▸ What the task requires
Using the data that follows, output only the lines from the line with "this 960×1280 image." up to and including the line with "this 2000×1333 image.", exactly, leaving pictures aside.

▸ Available data
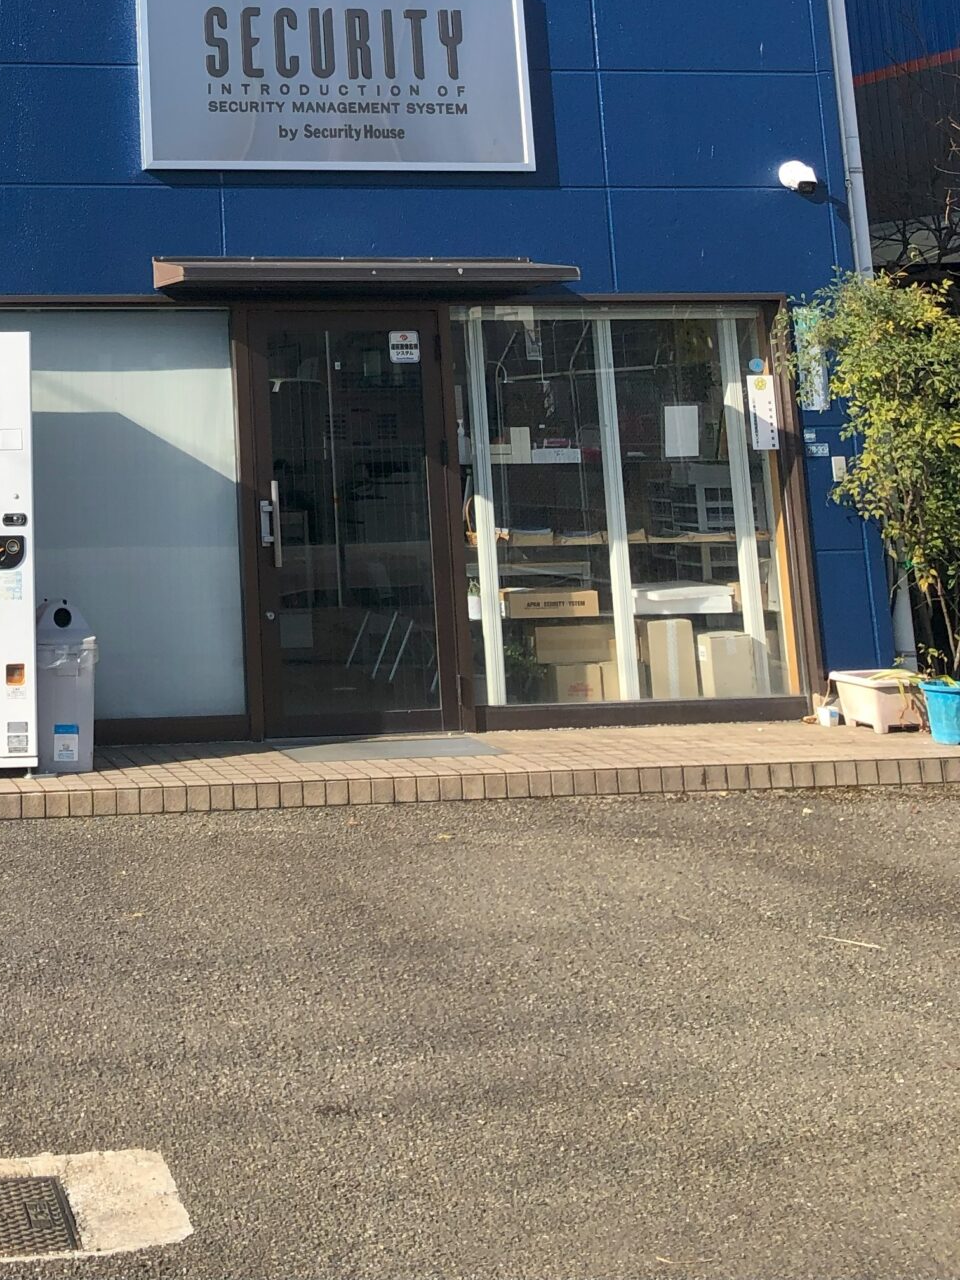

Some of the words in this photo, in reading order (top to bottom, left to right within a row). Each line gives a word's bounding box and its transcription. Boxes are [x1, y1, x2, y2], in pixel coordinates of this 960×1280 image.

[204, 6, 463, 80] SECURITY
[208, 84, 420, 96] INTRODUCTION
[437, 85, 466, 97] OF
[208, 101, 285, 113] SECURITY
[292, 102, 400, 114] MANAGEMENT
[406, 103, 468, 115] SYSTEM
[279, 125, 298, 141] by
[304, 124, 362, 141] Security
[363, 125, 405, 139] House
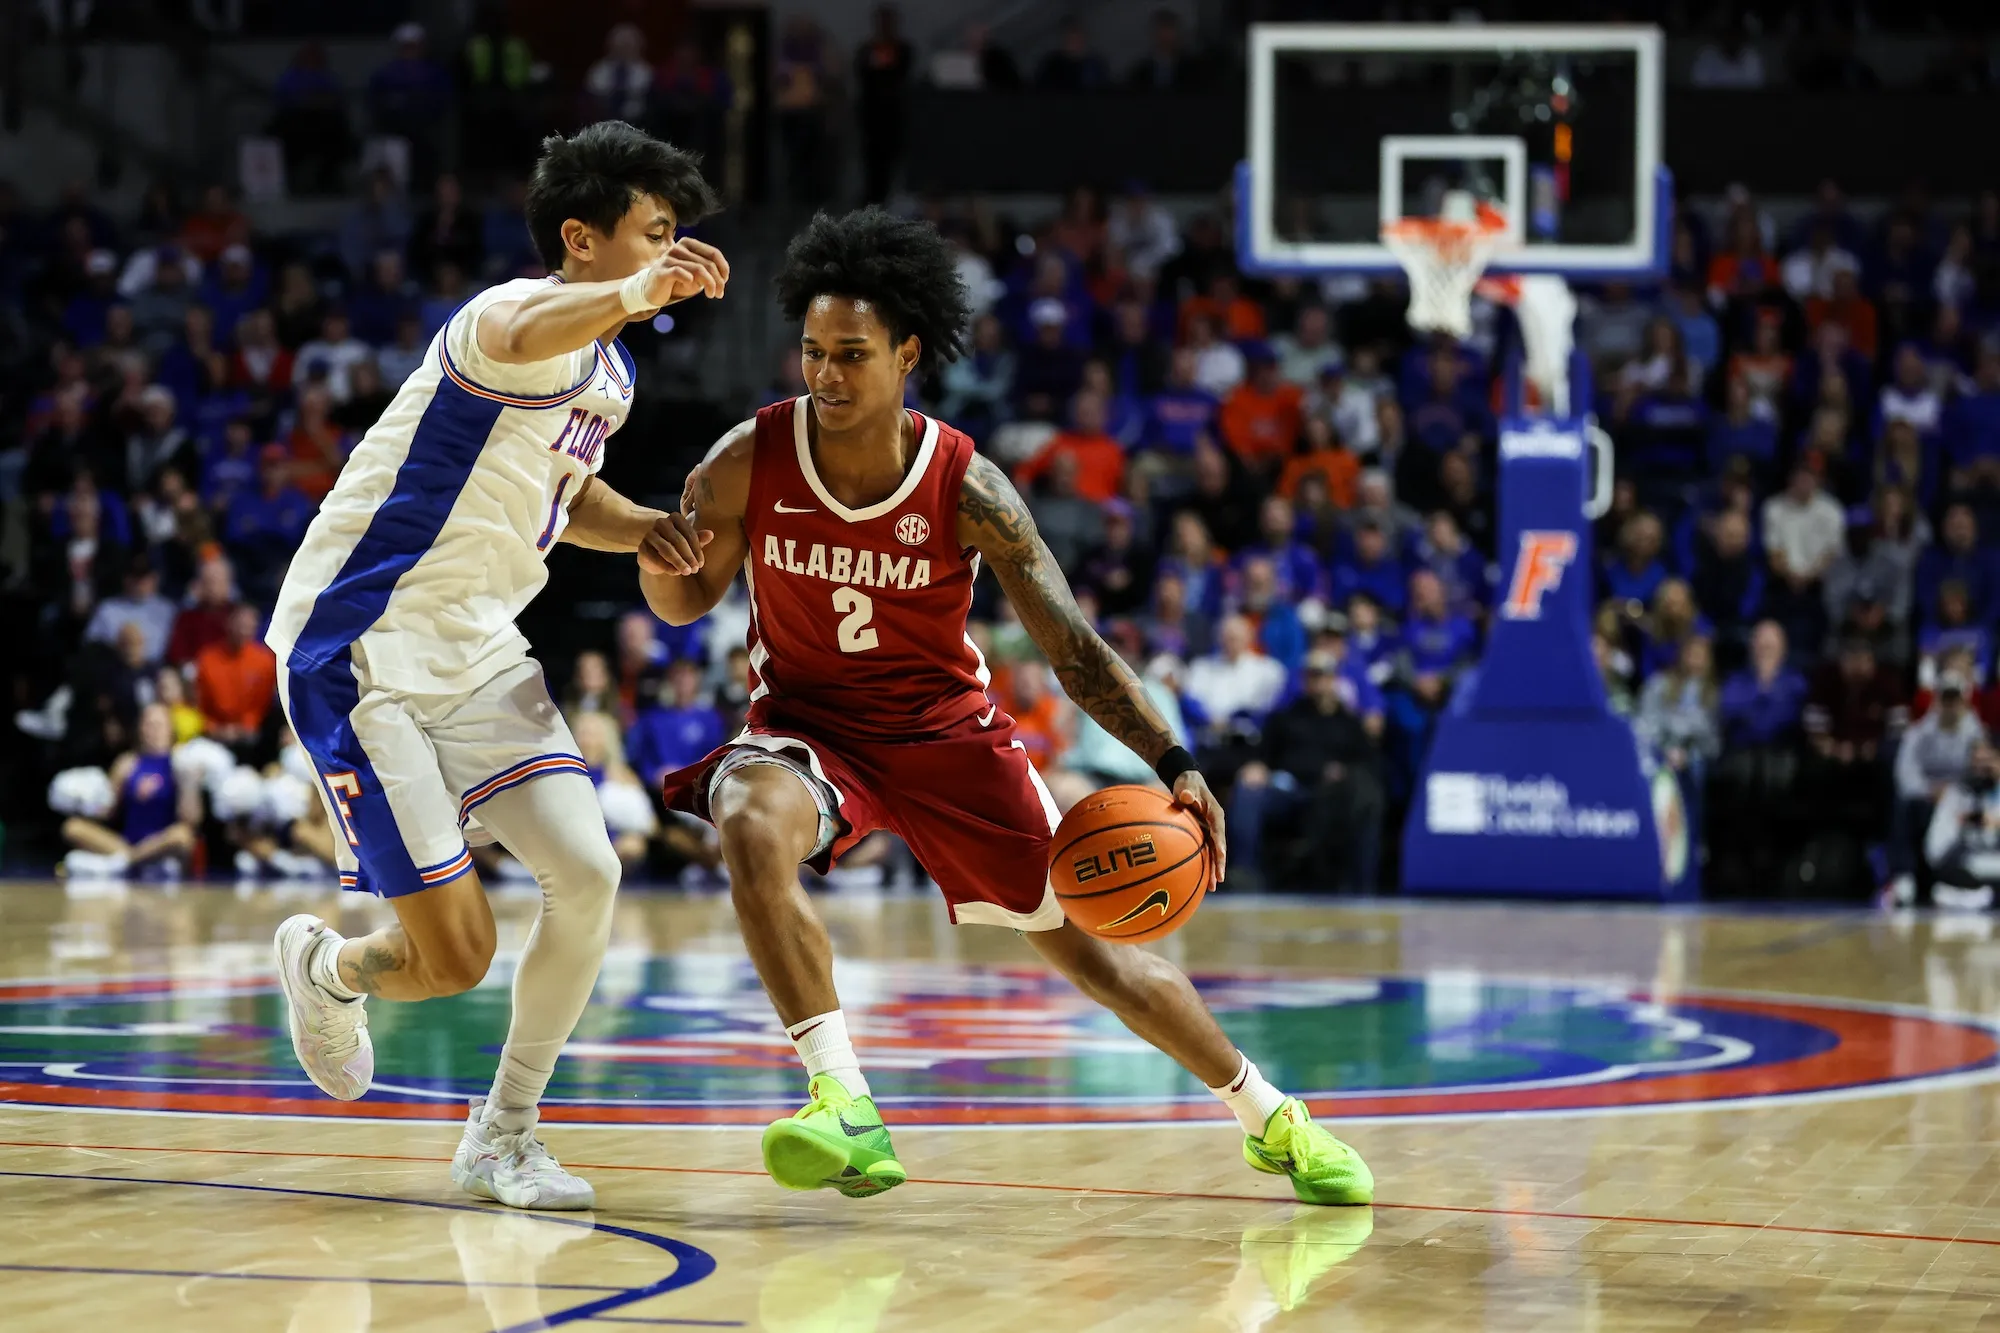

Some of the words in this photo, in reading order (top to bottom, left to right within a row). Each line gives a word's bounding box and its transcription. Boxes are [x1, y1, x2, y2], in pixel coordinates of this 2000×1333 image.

* * *

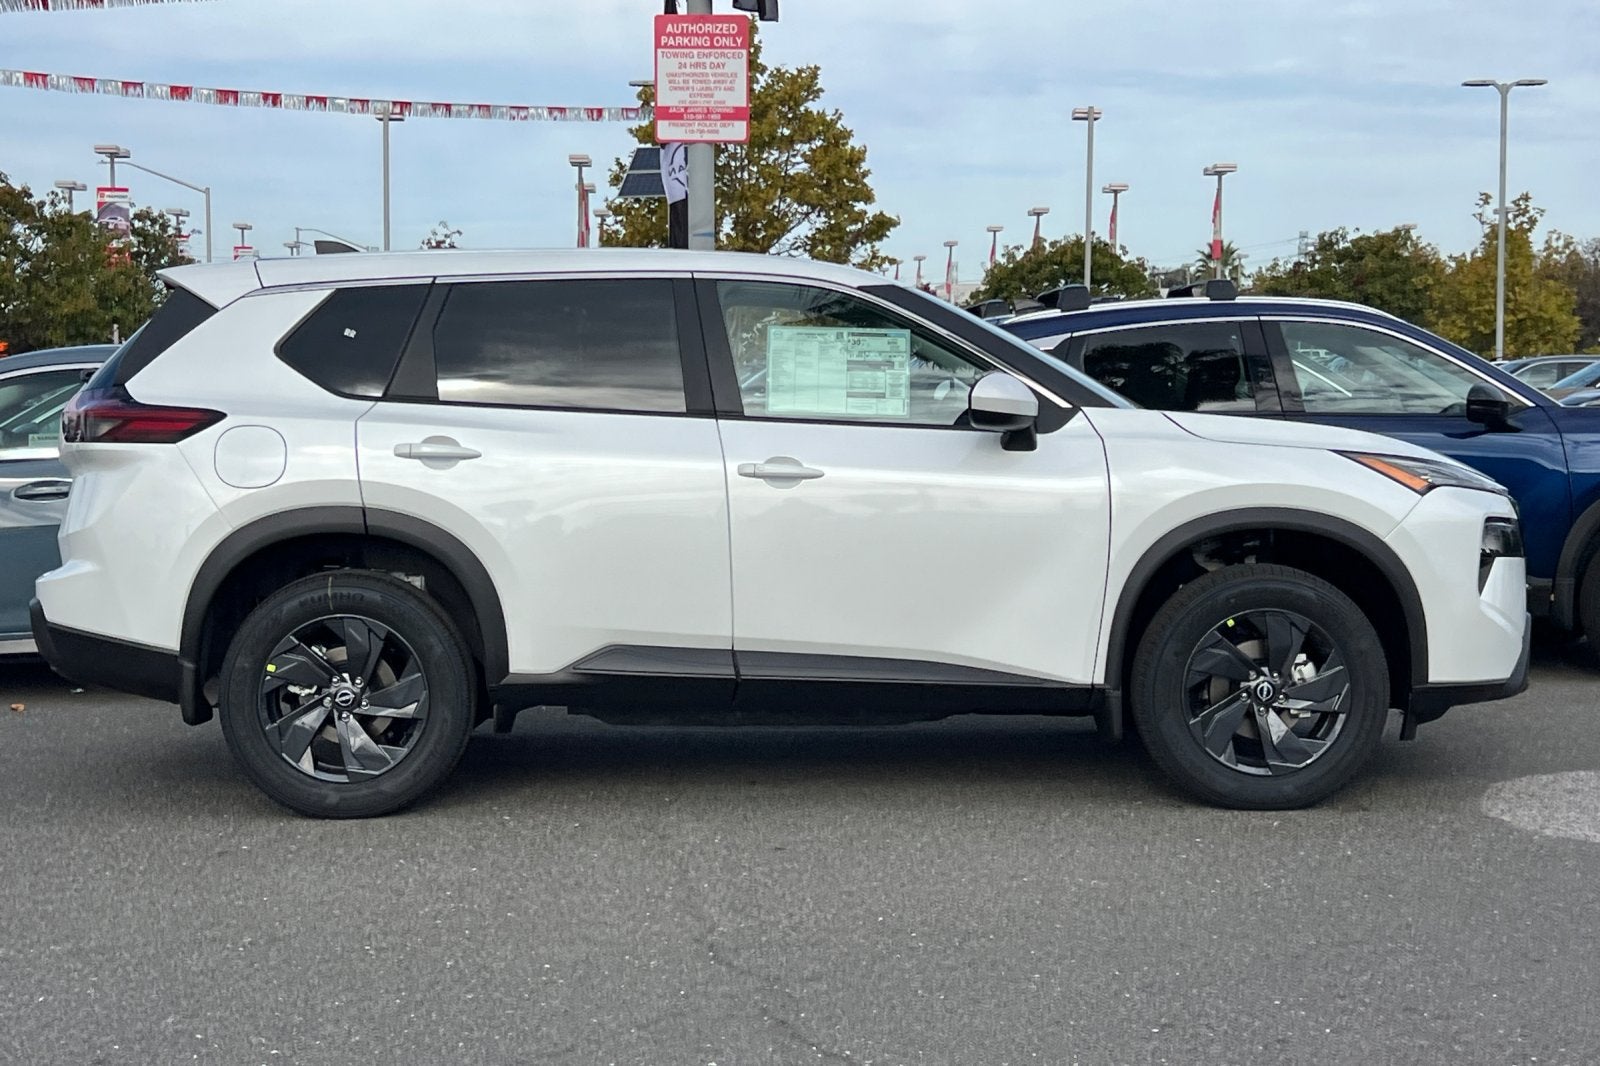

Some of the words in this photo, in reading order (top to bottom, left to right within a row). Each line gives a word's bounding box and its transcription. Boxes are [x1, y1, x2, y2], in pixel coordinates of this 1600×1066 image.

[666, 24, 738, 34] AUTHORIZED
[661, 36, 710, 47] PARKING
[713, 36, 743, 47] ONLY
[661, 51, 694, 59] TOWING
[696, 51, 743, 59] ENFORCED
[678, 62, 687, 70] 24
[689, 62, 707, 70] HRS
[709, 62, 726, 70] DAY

▸ The completed task
Some of the words in this photo, in reading order (top to bottom, left to right within a row). Each line gives a word's bounding box and its transcription. Boxes are [x1, y1, x2, y2], in pixel coordinates of this 960×1280 image.

[204, 6, 463, 80] SECURITY
[208, 84, 420, 96] INTRODUCTION
[437, 85, 466, 97] OF
[208, 101, 285, 113] SECURITY
[292, 102, 400, 114] MANAGEMENT
[406, 103, 468, 115] SYSTEM
[279, 125, 298, 141] by
[304, 124, 362, 141] Security
[363, 125, 405, 139] House

Some of the words in this photo, in reading order (top to bottom, left to right within a row). Each line gives a word's bounding box and its transcription. Boxes are [x1, y1, x2, y2], in pixel coordinates of this 2000×1333 image.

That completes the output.